* ACTIVITY
Your task is to give the records again exactly. Leave each picture out.

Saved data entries
----------------
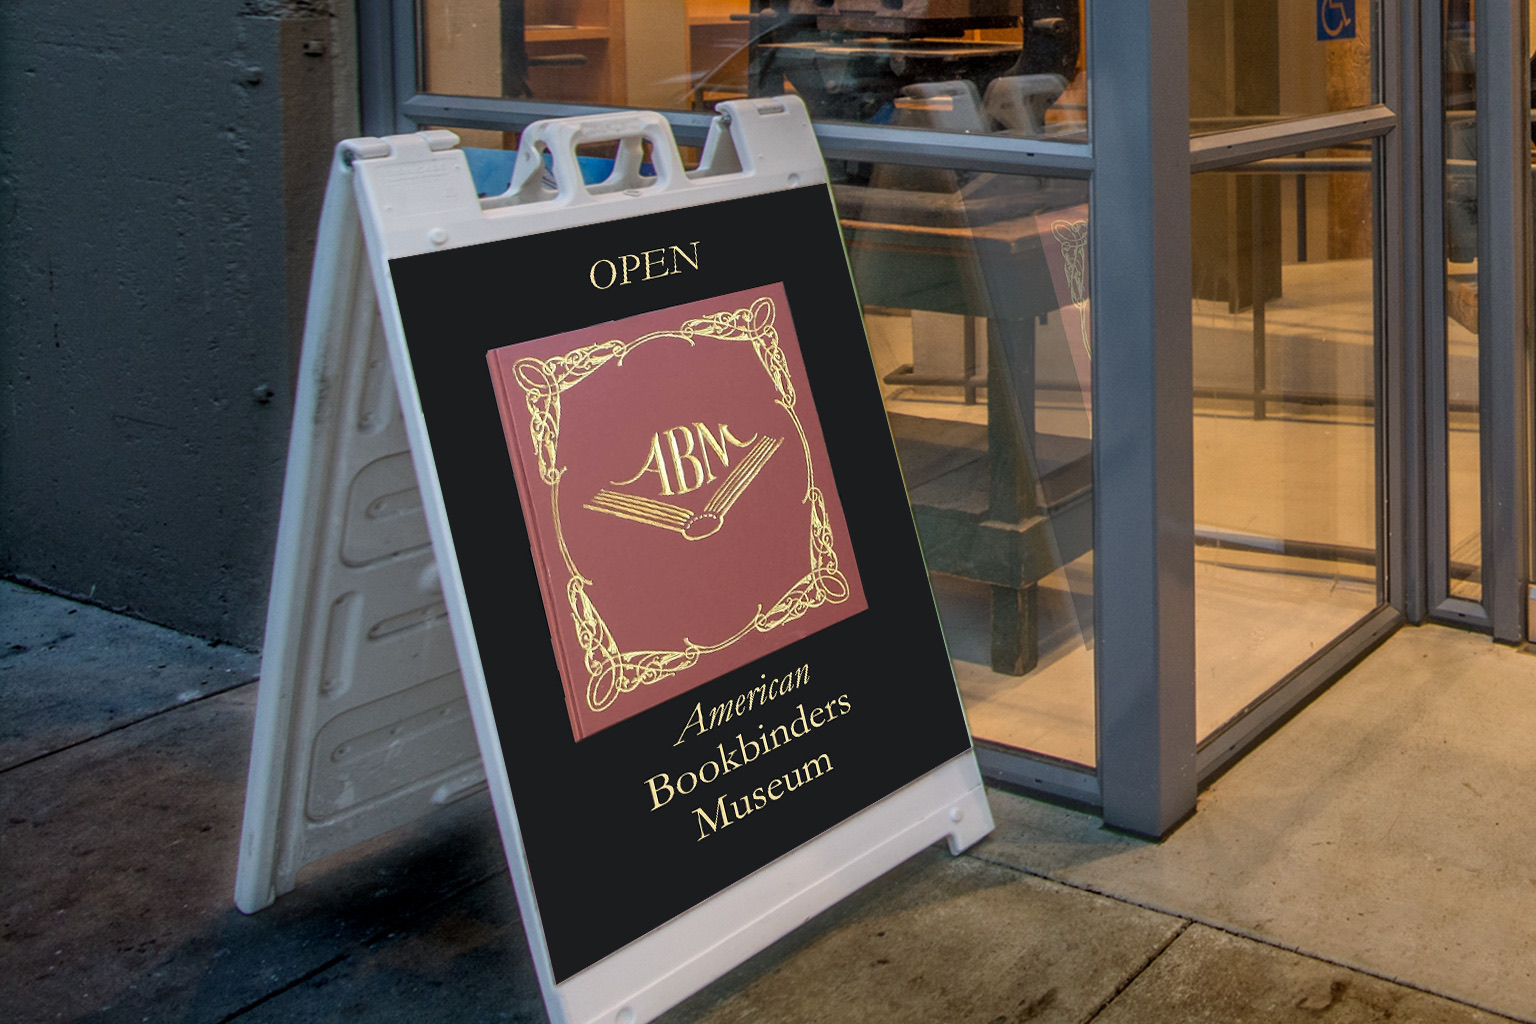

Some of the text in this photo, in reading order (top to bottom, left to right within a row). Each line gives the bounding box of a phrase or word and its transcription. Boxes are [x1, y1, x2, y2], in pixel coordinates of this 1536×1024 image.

[589, 241, 701, 290] OPEN
[610, 422, 758, 496] ABM
[672, 663, 811, 747] American
[643, 693, 852, 812] Bookbinders
[691, 751, 834, 842] Museum
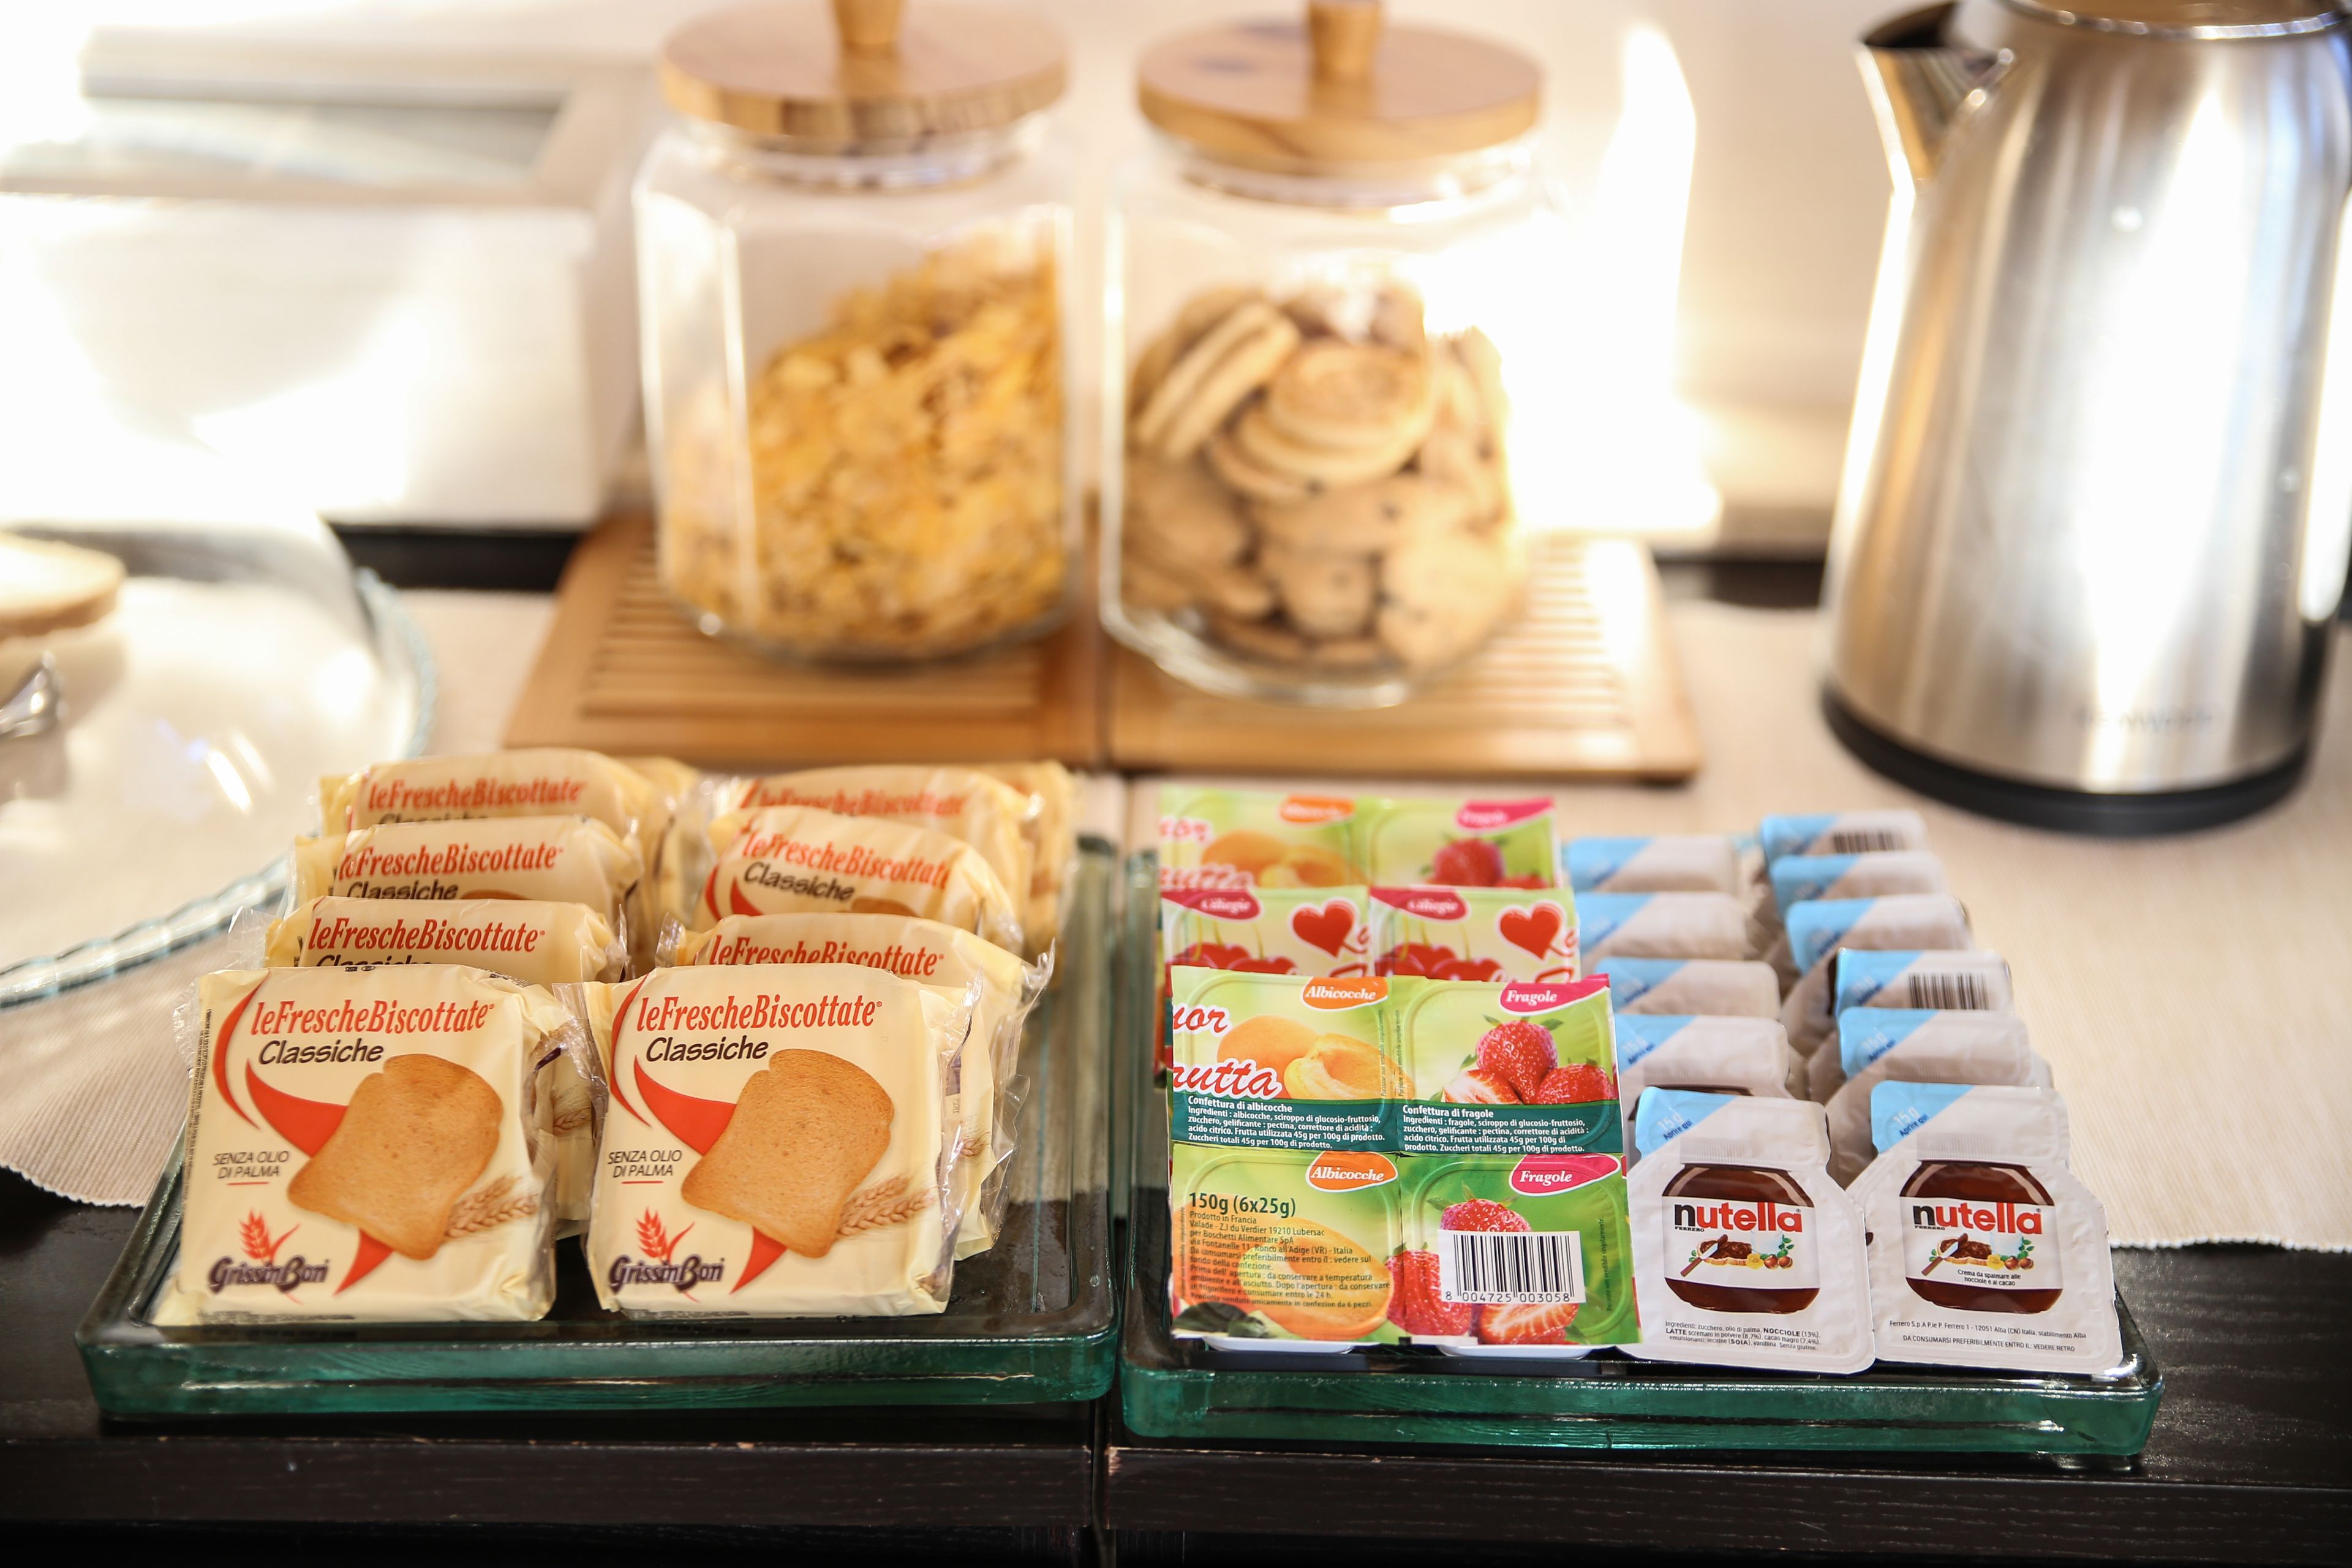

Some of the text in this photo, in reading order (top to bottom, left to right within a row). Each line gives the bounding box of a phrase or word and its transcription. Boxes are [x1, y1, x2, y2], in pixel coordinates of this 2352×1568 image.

[744, 861, 855, 902] Classiche
[307, 917, 538, 952] leFrescheBiscottate
[1305, 986, 1376, 1000] Albicocche
[1506, 990, 1557, 1006] Fragole
[251, 1000, 489, 1036] leFrescheBiscottate
[636, 993, 875, 1033] leFrescheBiscottate
[258, 1038, 384, 1065] Classiche
[646, 1036, 768, 1061] Classiche
[1188, 1095, 1292, 1112] Confettura di albicocche
[1188, 1106, 1381, 1124] Ingredienti albicocche, sciroppo glucosio-fruttosio,
[1403, 1104, 1493, 1120] Confettura di fragole
[1188, 1115, 1221, 1126] zucchero,
[1223, 1119, 1261, 1128] gelificante
[1403, 1115, 1442, 1125] Ingredienti
[1449, 1118, 1477, 1128] fragole,
[1518, 1118, 1585, 1128] glucosio-fruttosio,
[1209, 1126, 1233, 1135] citrico.
[1235, 1127, 1256, 1136] Frutta
[1259, 1129, 1292, 1137] utilizzata
[1323, 1132, 1341, 1142] 100g
[1351, 1133, 1385, 1142] prodotto.
[1403, 1125, 1437, 1134] zucchero,
[1439, 1127, 1477, 1136] gelificante
[1188, 1133, 1218, 1142] Zuccheri
[1242, 1137, 1255, 1146] 45g
[1270, 1138, 1288, 1148] 100g
[1298, 1140, 1332, 1148] prodotto.
[1404, 1143, 1438, 1152] prodotto.
[1522, 1145, 1540, 1153] 100g
[1550, 1144, 1585, 1153] prodotto.
[1510, 1136, 1523, 1145] 45g
[1539, 1136, 1557, 1145] 100g
[213, 1151, 290, 1166] SENZA OLIO
[608, 1150, 682, 1164] SENZA OLIO
[218, 1166, 280, 1178] DI PALMA
[613, 1164, 674, 1177] DI PALMA
[1311, 1166, 1384, 1181] Albicocche
[1520, 1170, 1572, 1186] Fragole
[1189, 1192, 1295, 1218] 150g (6x25g)
[1190, 1211, 1221, 1221] Prodotto
[1231, 1215, 1256, 1224] Francia
[1674, 1202, 1803, 1232] nutella
[1913, 1202, 2042, 1234] nutella
[1190, 1220, 1324, 1235] Valade Verdier 19210 Lubersac
[1203, 1238, 1240, 1250] Fontanelle
[1204, 1230, 1236, 1241] Boschetti
[1238, 1234, 1278, 1243] Alimentare
[1280, 1236, 1294, 1245] SpA
[1446, 1291, 1570, 1303] 8 004725 003058
[1665, 1321, 1697, 1329] Ingredienti:
[1763, 1327, 1800, 1336] NOCCIOLE
[1953, 1337, 2003, 1347] PREFERIBILMENTE
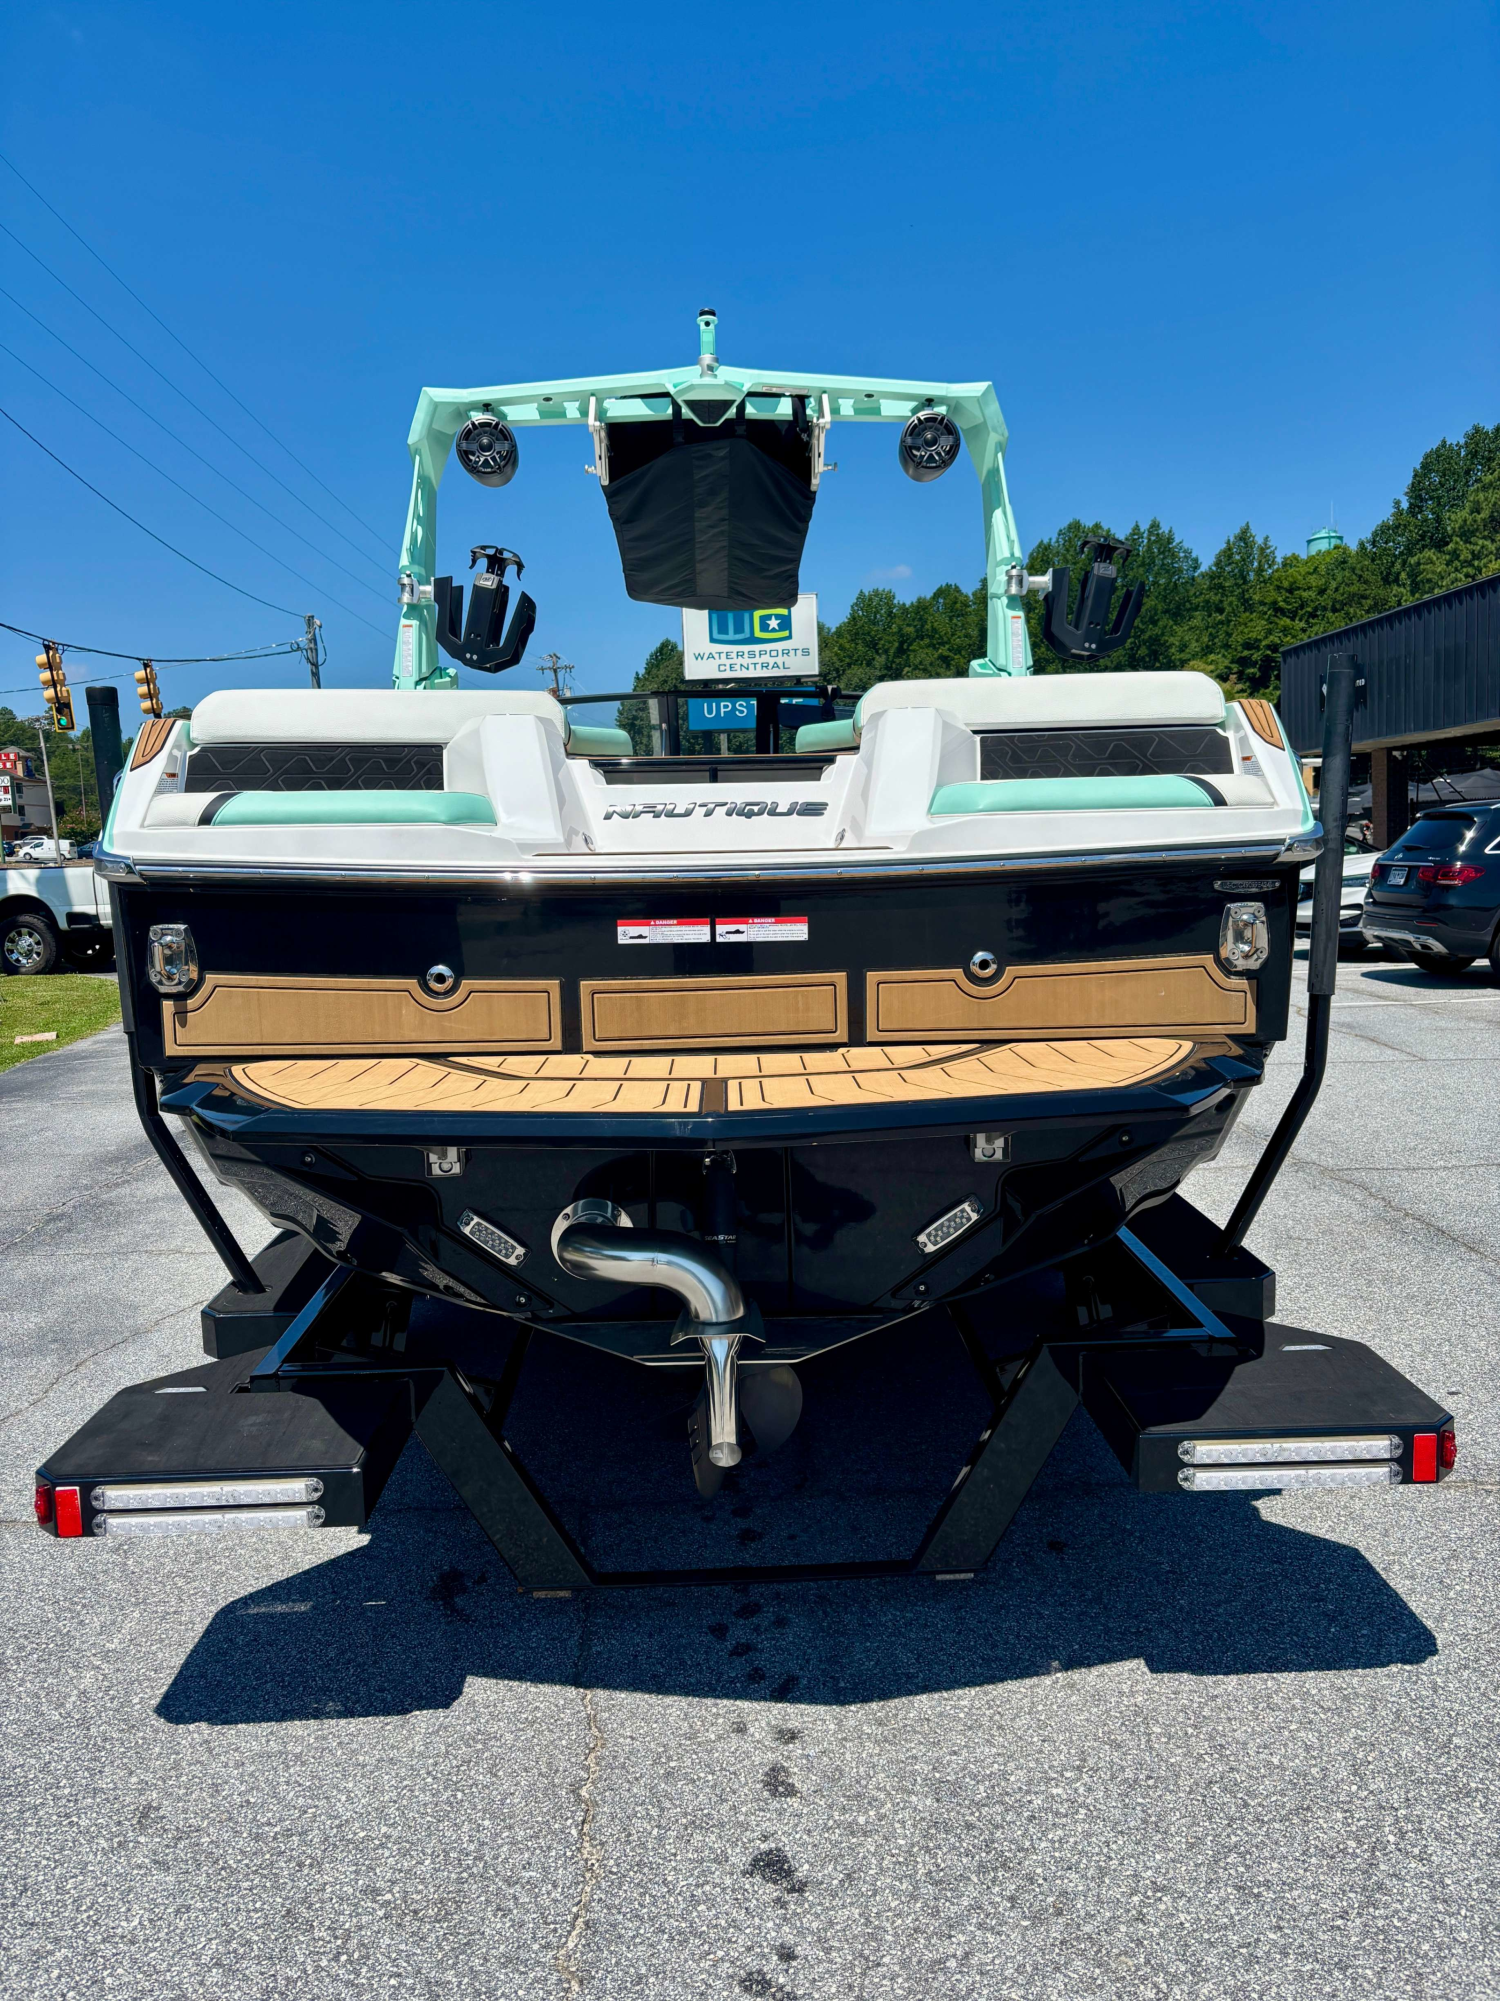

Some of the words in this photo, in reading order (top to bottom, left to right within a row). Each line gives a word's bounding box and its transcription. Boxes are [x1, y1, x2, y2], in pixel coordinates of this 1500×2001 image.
----------------
* EXPECTED OUTPUT
Some of the text in this photo, in reading order (top to bottom, left to right within a row). Each line gives the bounding box of a phrase or word and its transcription. Boxes are [x1, y1, x2, y2], in pixel coordinates of this 1536×1024 image.

[589, 241, 701, 290] OPEN
[610, 422, 758, 496] ABM
[672, 663, 811, 747] American
[643, 693, 852, 812] Bookbinders
[691, 751, 834, 842] Museum

Some of the text in this photo, in reading order (top to bottom, left to right within a row). Each line gives the bounding box of a phrase or word and its transcription. Boxes are [x1, y1, x2, y2], in pixel coordinates of this 2352×1568 image.

[744, 861, 855, 902] Classiche
[307, 917, 538, 952] leFrescheBiscottate
[1305, 986, 1376, 1000] Albicocche
[1506, 990, 1557, 1006] Fragole
[251, 1000, 489, 1036] leFrescheBiscottate
[636, 993, 875, 1033] leFrescheBiscottate
[258, 1038, 384, 1065] Classiche
[646, 1036, 768, 1061] Classiche
[1188, 1095, 1292, 1112] Confettura di albicocche
[1188, 1106, 1381, 1124] Ingredienti albicocche, sciroppo glucosio-fruttosio,
[1403, 1104, 1493, 1120] Confettura di fragole
[1188, 1115, 1221, 1126] zucchero,
[1223, 1119, 1261, 1128] gelificante
[1403, 1115, 1442, 1125] Ingredienti
[1449, 1118, 1477, 1128] fragole,
[1518, 1118, 1585, 1128] glucosio-fruttosio,
[1209, 1126, 1233, 1135] citrico.
[1235, 1127, 1256, 1136] Frutta
[1259, 1129, 1292, 1137] utilizzata
[1323, 1132, 1341, 1142] 100g
[1351, 1133, 1385, 1142] prodotto.
[1403, 1125, 1437, 1134] zucchero,
[1439, 1127, 1477, 1136] gelificante
[1188, 1133, 1218, 1142] Zuccheri
[1242, 1137, 1255, 1146] 45g
[1270, 1138, 1288, 1148] 100g
[1298, 1140, 1332, 1148] prodotto.
[1404, 1143, 1438, 1152] prodotto.
[1522, 1145, 1540, 1153] 100g
[1550, 1144, 1585, 1153] prodotto.
[1510, 1136, 1523, 1145] 45g
[1539, 1136, 1557, 1145] 100g
[213, 1151, 290, 1166] SENZA OLIO
[608, 1150, 682, 1164] SENZA OLIO
[218, 1166, 280, 1178] DI PALMA
[613, 1164, 674, 1177] DI PALMA
[1311, 1166, 1384, 1181] Albicocche
[1520, 1170, 1572, 1186] Fragole
[1189, 1192, 1295, 1218] 150g (6x25g)
[1190, 1211, 1221, 1221] Prodotto
[1231, 1215, 1256, 1224] Francia
[1674, 1202, 1803, 1232] nutella
[1913, 1202, 2042, 1234] nutella
[1190, 1220, 1324, 1235] Valade Verdier 19210 Lubersac
[1203, 1238, 1240, 1250] Fontanelle
[1204, 1230, 1236, 1241] Boschetti
[1238, 1234, 1278, 1243] Alimentare
[1280, 1236, 1294, 1245] SpA
[1446, 1291, 1570, 1303] 8 004725 003058
[1665, 1321, 1697, 1329] Ingredienti:
[1763, 1327, 1800, 1336] NOCCIOLE
[1953, 1337, 2003, 1347] PREFERIBILMENTE

Some of the words in this photo, in reading order (top to bottom, left to right within a row). Each line gives a word's bounding box and its transcription. Boxes are [x1, y1, x2, y2], in pixel coordinates of this 1500×2001 image.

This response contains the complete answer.